How Lumière reads every skin tone

Most dermatology AI was trained on skin that doesn't look like everyone's. Here's what we do about it — and what we won't claim.

This page is the technical answer to a marketing claim. We say Lumière reads melanin-rich and deeper skin tones better than the average AI skincare app. Below is how — concretely — we calibrate the analysis, what limits we hit, and the five things you can hold us to.

If your scan didn't read your skin right, scroll to the bottom — there's an email, and we read every one.

The bias problem (in one paragraph)

A series of audits since 2018 have shown that consumer and clinical dermatology AI tends to perform worse on darker skin. The cause is unsexy: training datasets that over-represent lighter skin (Fitzpatrick I–III) and under-represent deeper tones (Fitzpatrick IV–VI). Models inherit the dataset. The same model that confidently identifies erythema on Fitzpatrick II skin can miss post-inflammatory hyperpigmentation on Fitzpatrick V skin — or label it as something else entirely. This is not a conspiracy. It's a data problem with a downstream consequence: when a Black woman opens a skincare app and gets "you have oily skin" as her entire analysis, the app isn't being lazy. It's being honest about what it can see.

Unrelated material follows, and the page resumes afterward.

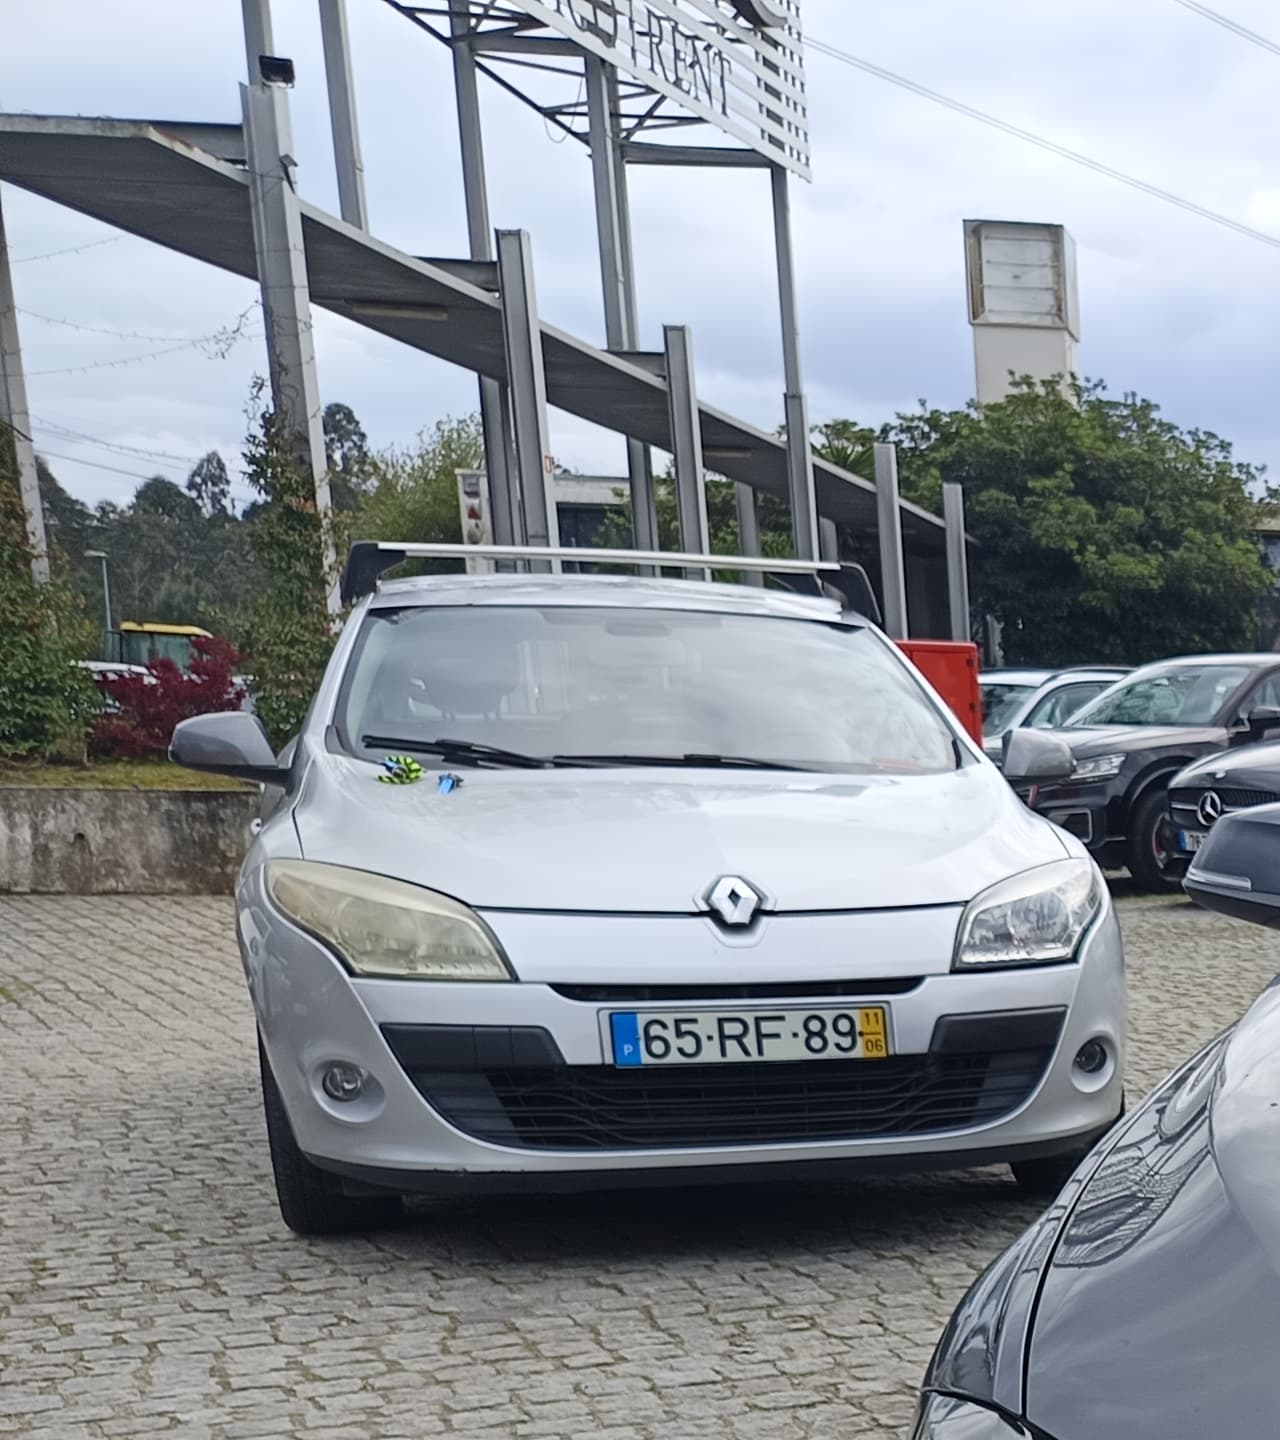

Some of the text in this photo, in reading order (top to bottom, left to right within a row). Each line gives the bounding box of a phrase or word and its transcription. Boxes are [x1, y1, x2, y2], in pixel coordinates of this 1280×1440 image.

Lumière can't fix the upstream bias problem in dermatology AI as a whole — that's a category-wide data issue that takes years and tens of millions of dollars of ethically-collected ground truth to undo. What we can do is build our analysis to commit to a tone classification first, every time, and interpret findings in that context rather than against a default assumption. That's what this page documents.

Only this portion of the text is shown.